* Problem details
Give all of the data below again exactly, and drop the images.
----
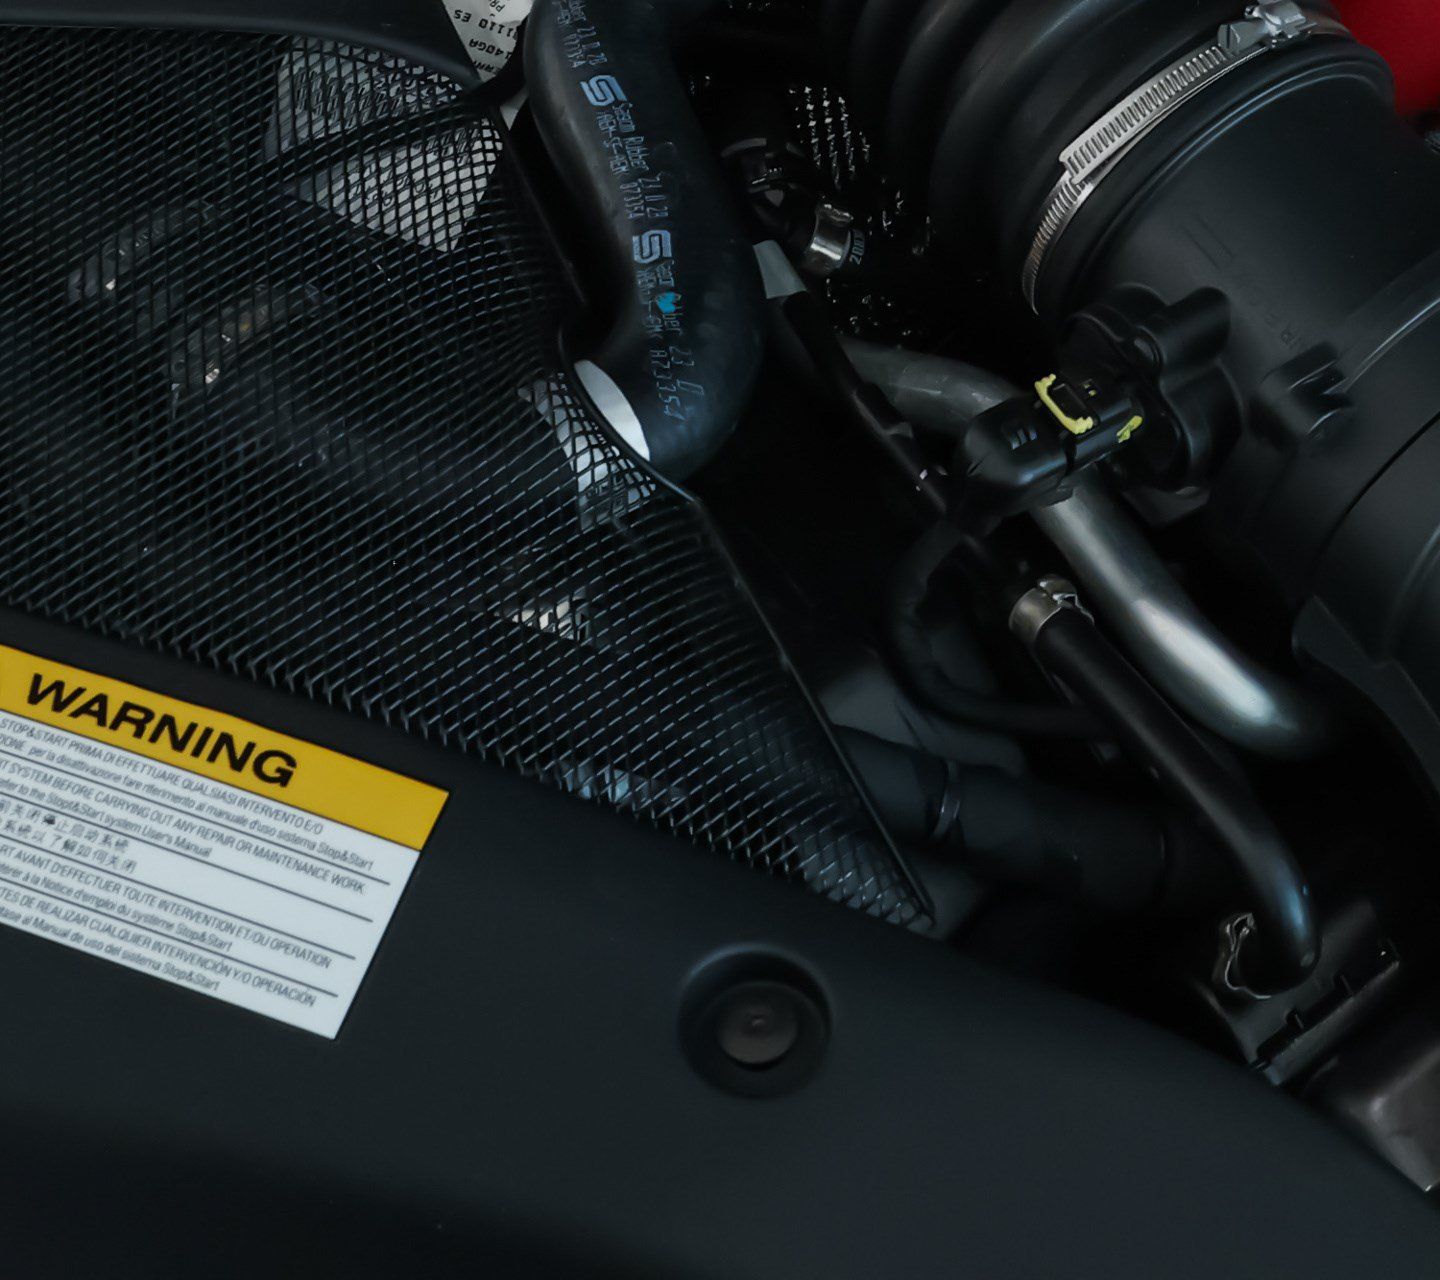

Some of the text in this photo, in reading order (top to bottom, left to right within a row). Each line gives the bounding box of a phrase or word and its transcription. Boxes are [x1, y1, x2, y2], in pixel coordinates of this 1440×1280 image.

[453, 10, 472, 24] ES
[25, 672, 299, 790] WARNING
[0, 719, 67, 746] STOP&START
[68, 741, 103, 759] PRIMA
[102, 752, 117, 764] DI
[115, 756, 180, 786] EFFETTUARE
[181, 778, 238, 805] QUALSIASI
[237, 797, 304, 828] INTERVENTO
[8, 763, 53, 785] SYSTEM
[51, 778, 93, 800] BEFORE
[94, 792, 150, 818] CARRYING
[149, 811, 174, 826] OUT
[172, 819, 197, 834] ANY
[196, 826, 236, 848] REPAIR
[235, 839, 253, 854] OR
[253, 846, 330, 881] MAINTENANCE
[331, 874, 365, 893] WORK
[174, 836, 212, 857] Manual
[276, 830, 317, 851] sistema
[317, 842, 373, 870] Stop&Start
[14, 850, 51, 869] AVANT
[50, 862, 122, 894] D'EFFECTUER
[123, 886, 157, 907] TOUTE
[158, 899, 236, 934] INTERVENTION
[235, 925, 271, 947] ET/OU
[270, 938, 332, 968] OPERATION
[176, 923, 232, 951] Stop&Start
[19, 895, 36, 909] DE
[36, 900, 89, 927] REALIZAR
[89, 919, 152, 948] CUALQUIER
[232, 968, 252, 984] Y/O
[252, 976, 316, 1006] OPERACIÓN
[163, 963, 220, 990] Stop&Start
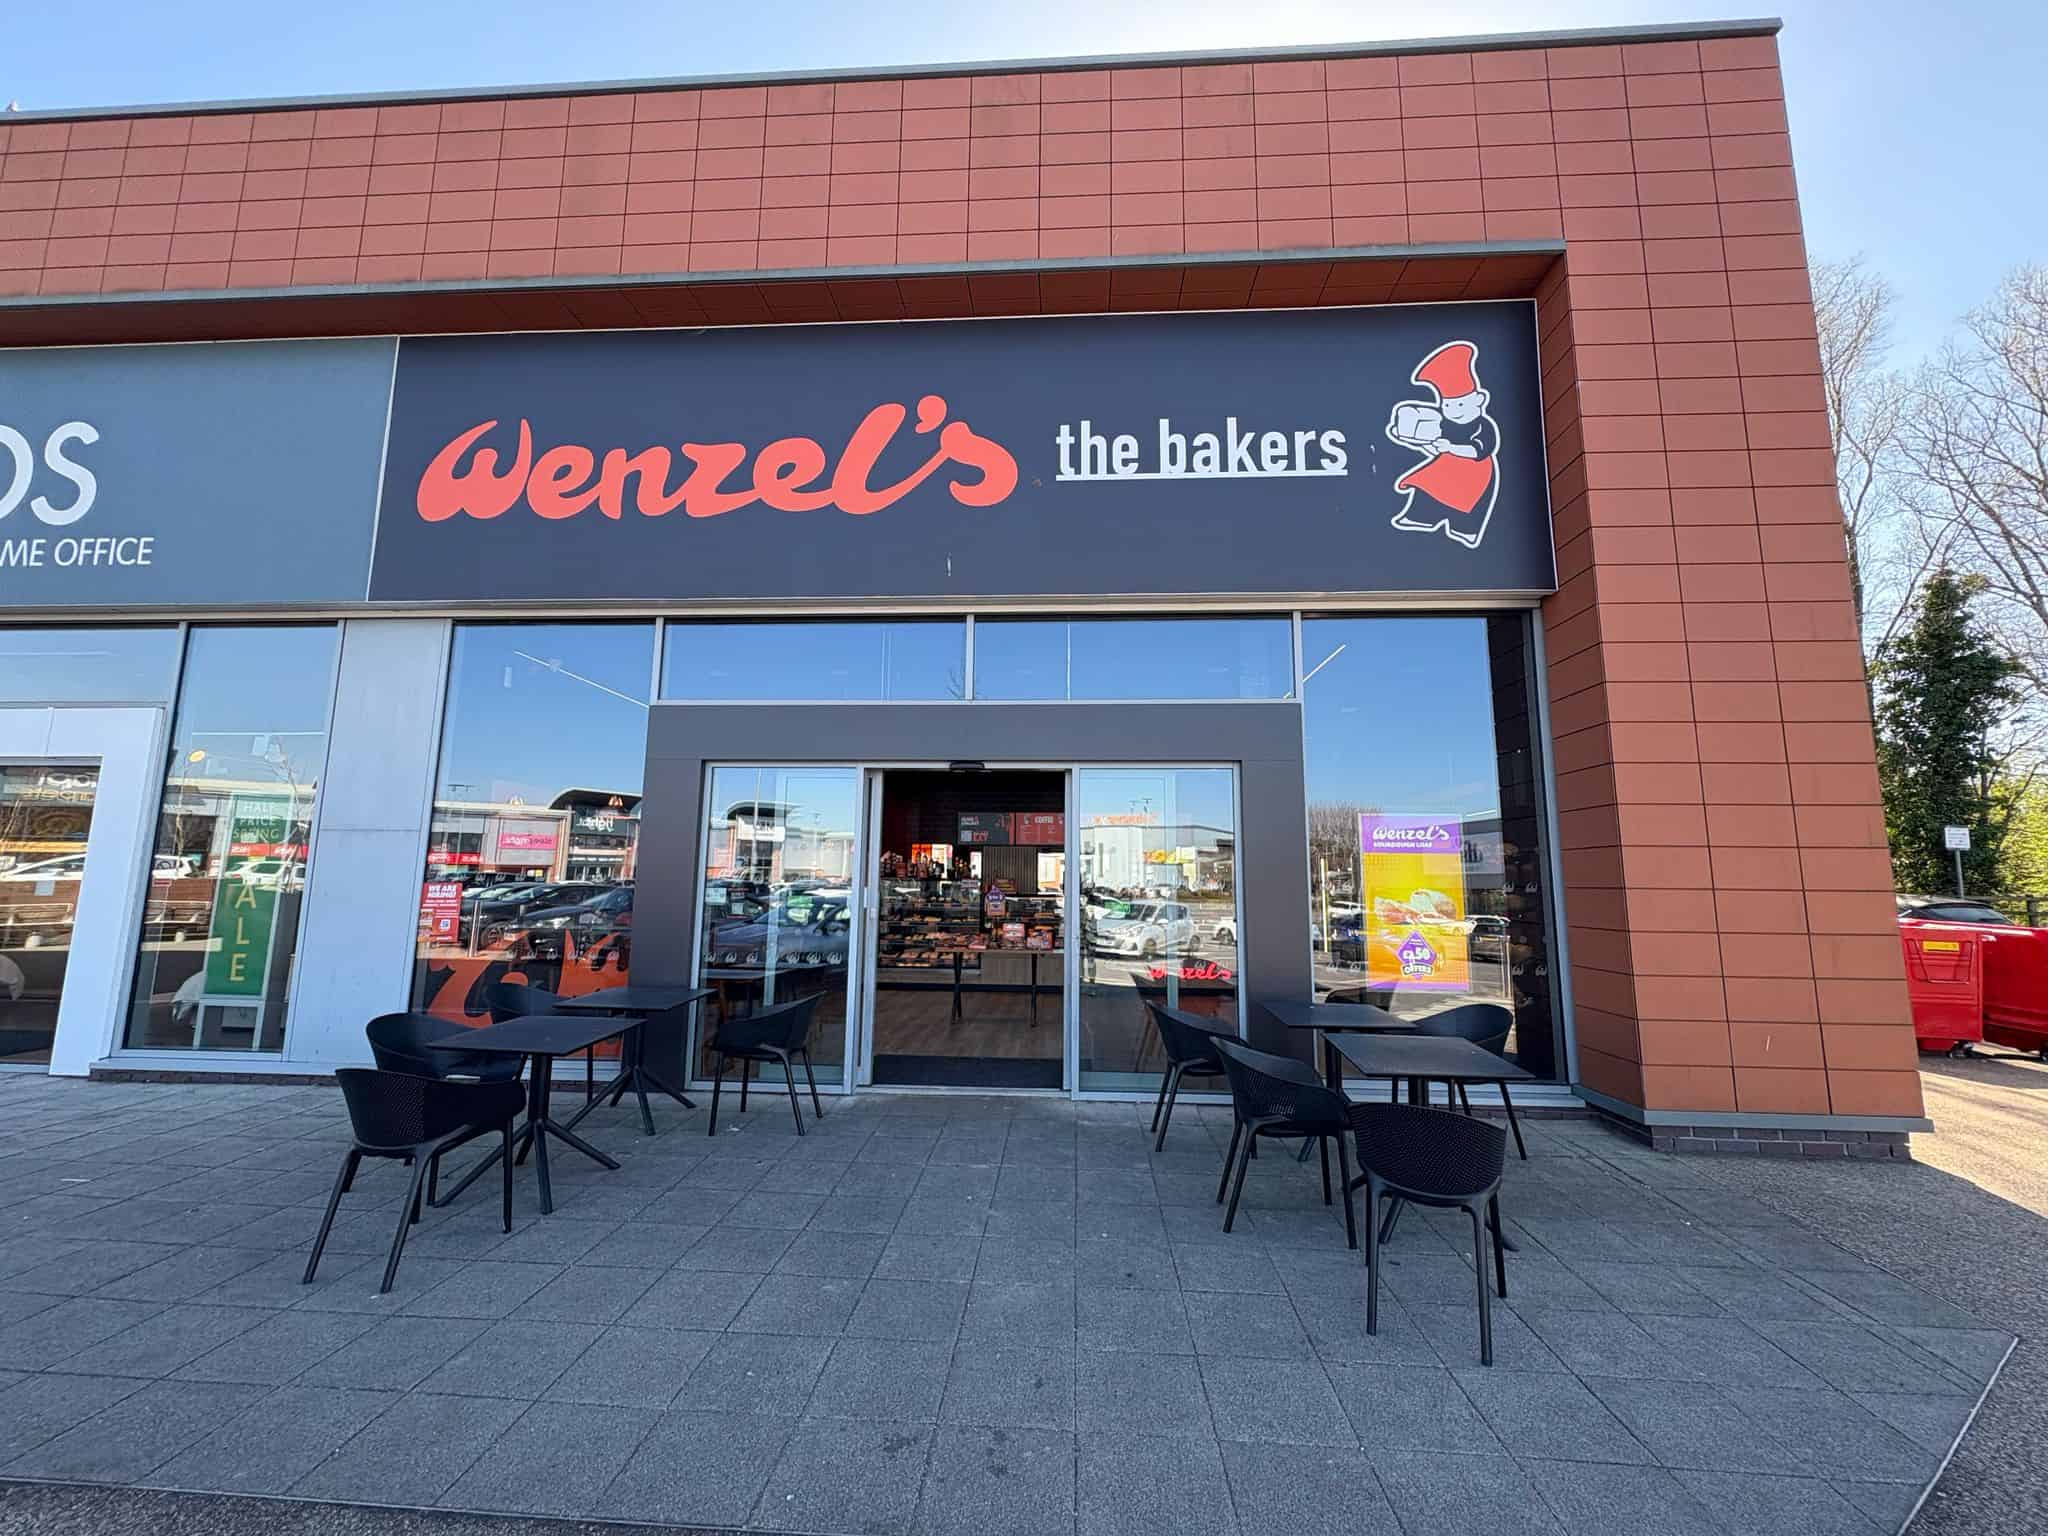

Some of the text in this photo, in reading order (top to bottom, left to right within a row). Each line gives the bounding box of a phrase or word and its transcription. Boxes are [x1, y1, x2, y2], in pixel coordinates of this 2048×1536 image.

[1056, 416, 1348, 475] the bakers
[54, 537, 154, 566] OFFICE
[229, 879, 257, 982] ALE
----
* Written solution
Some of the text in this photo, in reading order (top to bottom, left to right within a row). Each line gives the bounding box of a phrase or word and its transcription. Boxes are [x1, y1, x2, y2], in pixel coordinates of this 1440×1280 image.

[453, 10, 472, 24] ES
[25, 672, 299, 790] WARNING
[0, 719, 67, 746] STOP&START
[68, 741, 103, 759] PRIMA
[102, 752, 117, 764] DI
[115, 756, 180, 786] EFFETTUARE
[181, 778, 238, 805] QUALSIASI
[237, 797, 304, 828] INTERVENTO
[8, 763, 53, 785] SYSTEM
[51, 778, 93, 800] BEFORE
[94, 792, 150, 818] CARRYING
[149, 811, 174, 826] OUT
[172, 819, 197, 834] ANY
[196, 826, 236, 848] REPAIR
[235, 839, 253, 854] OR
[253, 846, 330, 881] MAINTENANCE
[331, 874, 365, 893] WORK
[174, 836, 212, 857] Manual
[276, 830, 317, 851] sistema
[317, 842, 373, 870] Stop&Start
[14, 850, 51, 869] AVANT
[50, 862, 122, 894] D'EFFECTUER
[123, 886, 157, 907] TOUTE
[158, 899, 236, 934] INTERVENTION
[235, 925, 271, 947] ET/OU
[270, 938, 332, 968] OPERATION
[176, 923, 232, 951] Stop&Start
[19, 895, 36, 909] DE
[36, 900, 89, 927] REALIZAR
[89, 919, 152, 948] CUALQUIER
[232, 968, 252, 984] Y/O
[252, 976, 316, 1006] OPERACIÓN
[163, 963, 220, 990] Stop&Start

Some of the text in this photo, in reading order (top to bottom, left to right within a row). Each line gives the bounding box of a phrase or word and its transcription. Boxes are [x1, y1, x2, y2], in pixel coordinates of this 2048×1536 image.

[1056, 416, 1348, 475] the bakers
[54, 537, 154, 566] OFFICE
[229, 879, 257, 982] ALE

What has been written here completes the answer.